(Exercise instructions)
The result should be the line with "this 1200×1600 image." followed by every remaining line of the entries, each reproduced exactly, with nothing else.

(Dataset entries)
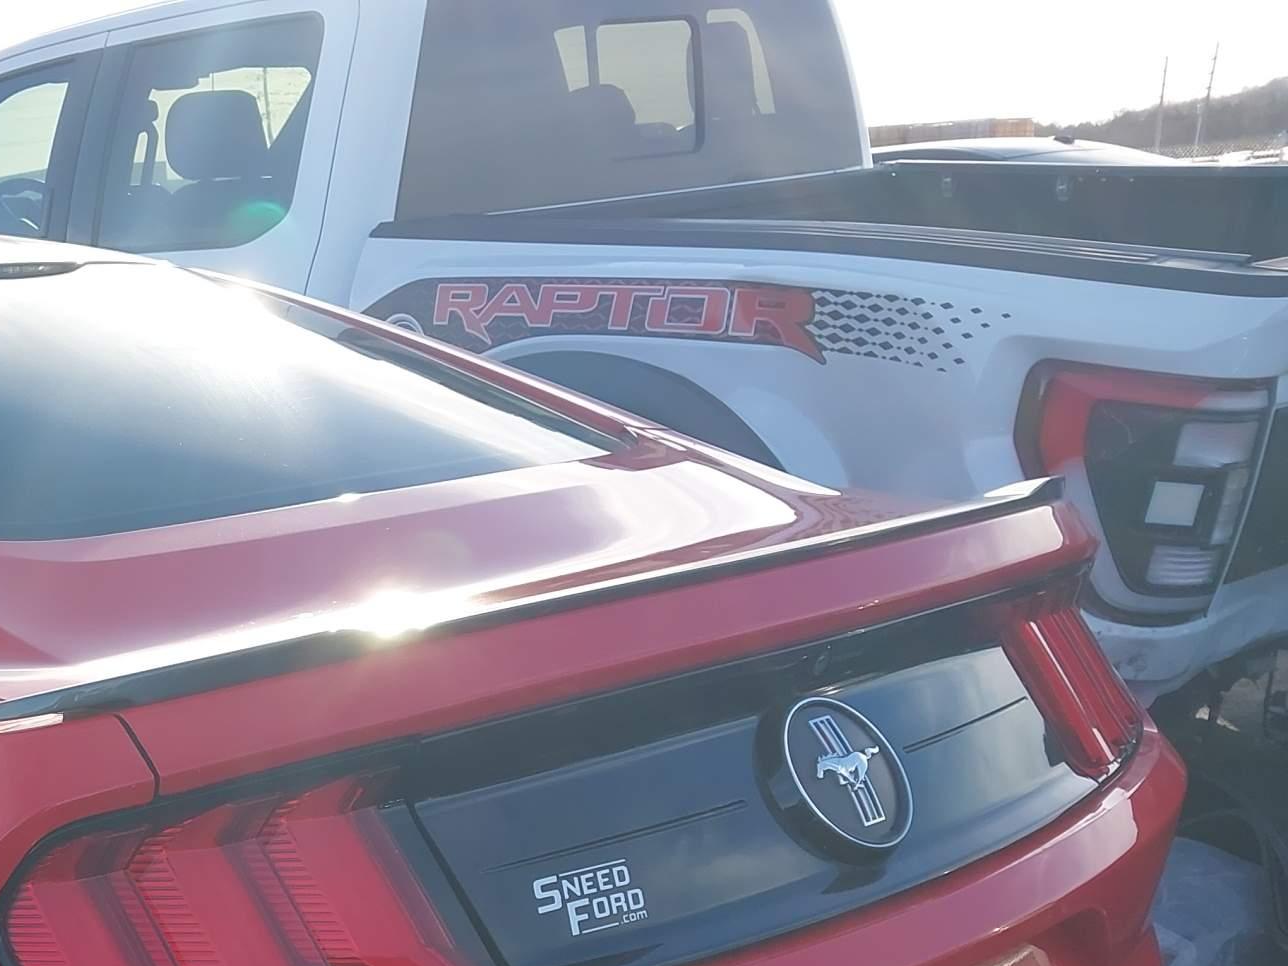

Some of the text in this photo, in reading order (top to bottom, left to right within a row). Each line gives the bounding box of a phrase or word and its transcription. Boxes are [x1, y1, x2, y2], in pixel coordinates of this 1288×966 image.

[433, 283, 827, 365] RAPTOR
[533, 865, 630, 914] SNEED
[567, 888, 644, 936] FORD
[621, 909, 648, 924] .com
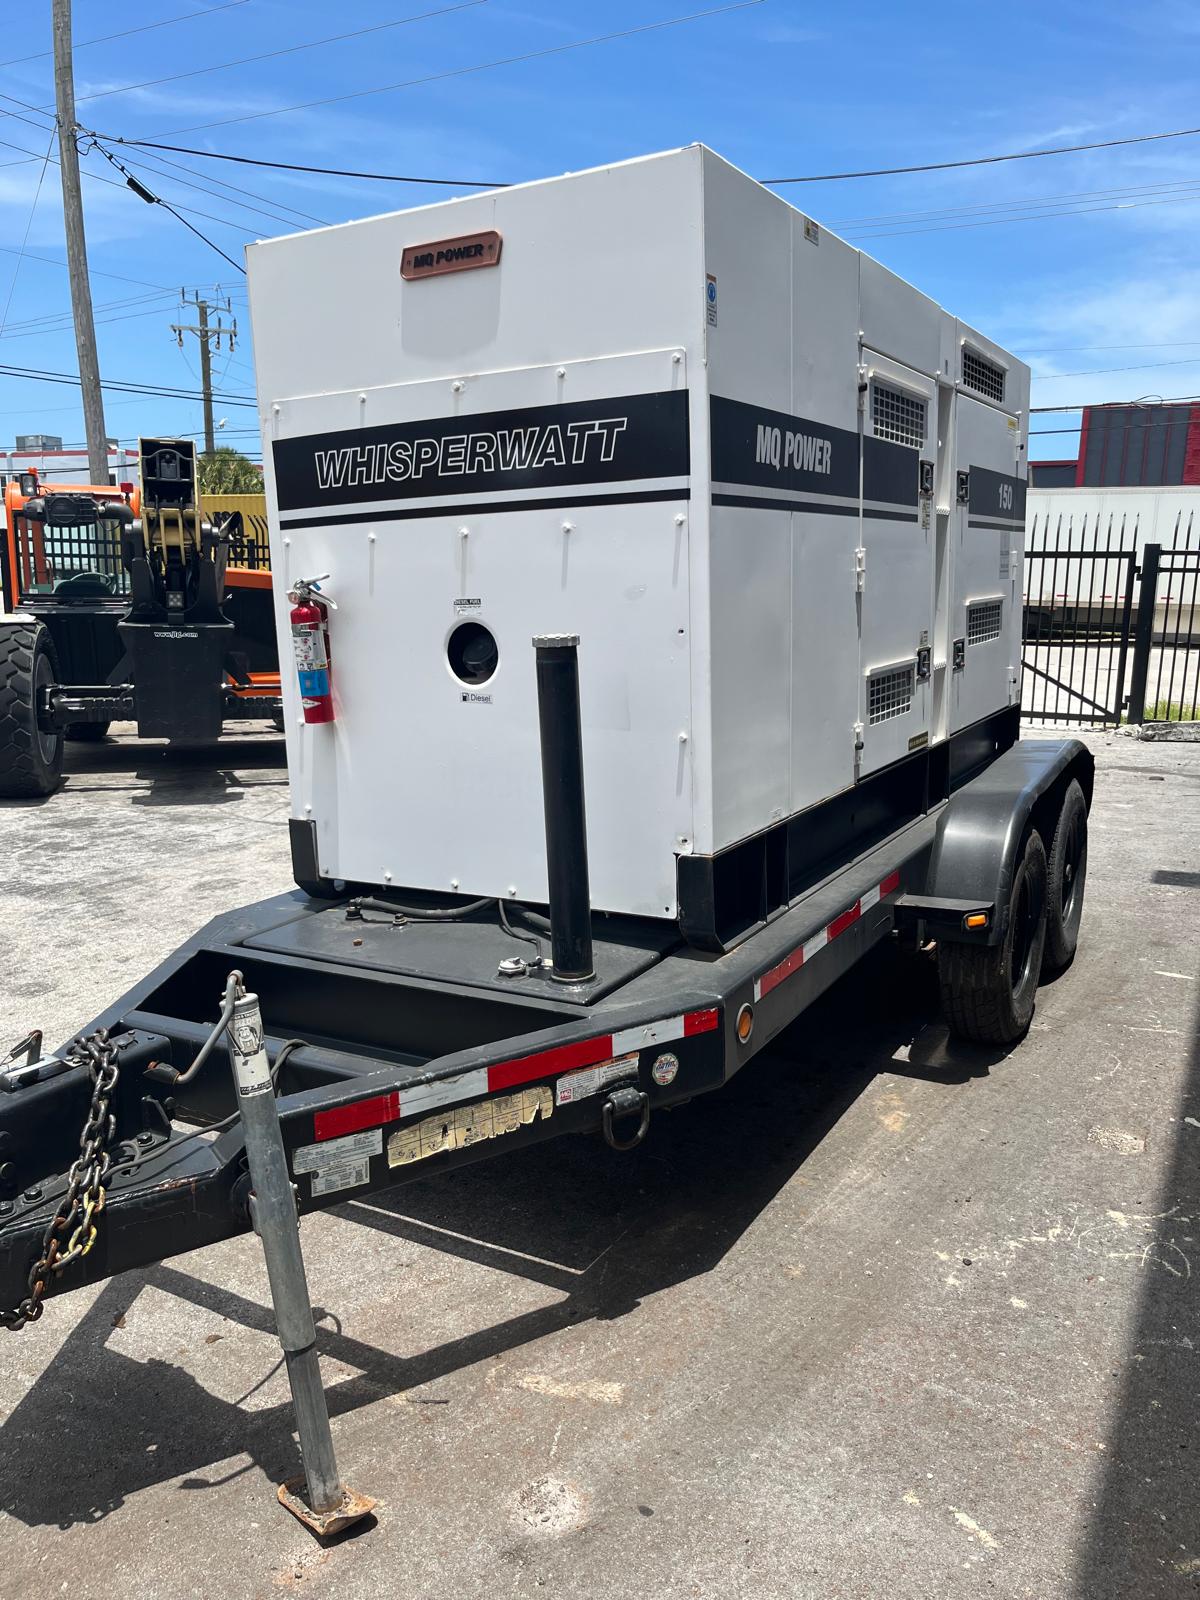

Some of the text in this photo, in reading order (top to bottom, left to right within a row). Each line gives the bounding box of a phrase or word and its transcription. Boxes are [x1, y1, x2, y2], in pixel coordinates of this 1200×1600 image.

[414, 244, 484, 268] MQ POWER
[314, 417, 628, 489] WHISPERWATT
[756, 424, 832, 474] MQ POWER
[998, 483, 1013, 510] 150
[470, 693, 491, 702] Diesel

(Result of the task)
Some of the text in this photo, in reading order (top to bottom, left to right within a row). Each line gives the bounding box of a phrase or word and its transcription. Boxes are [x1, y1, x2, y2], in pixel coordinates of this 1200×1600 image.

[414, 244, 484, 268] MQ POWER
[314, 417, 628, 489] WHISPERWATT
[756, 424, 832, 474] MQ POWER
[998, 483, 1013, 510] 150
[470, 693, 491, 702] Diesel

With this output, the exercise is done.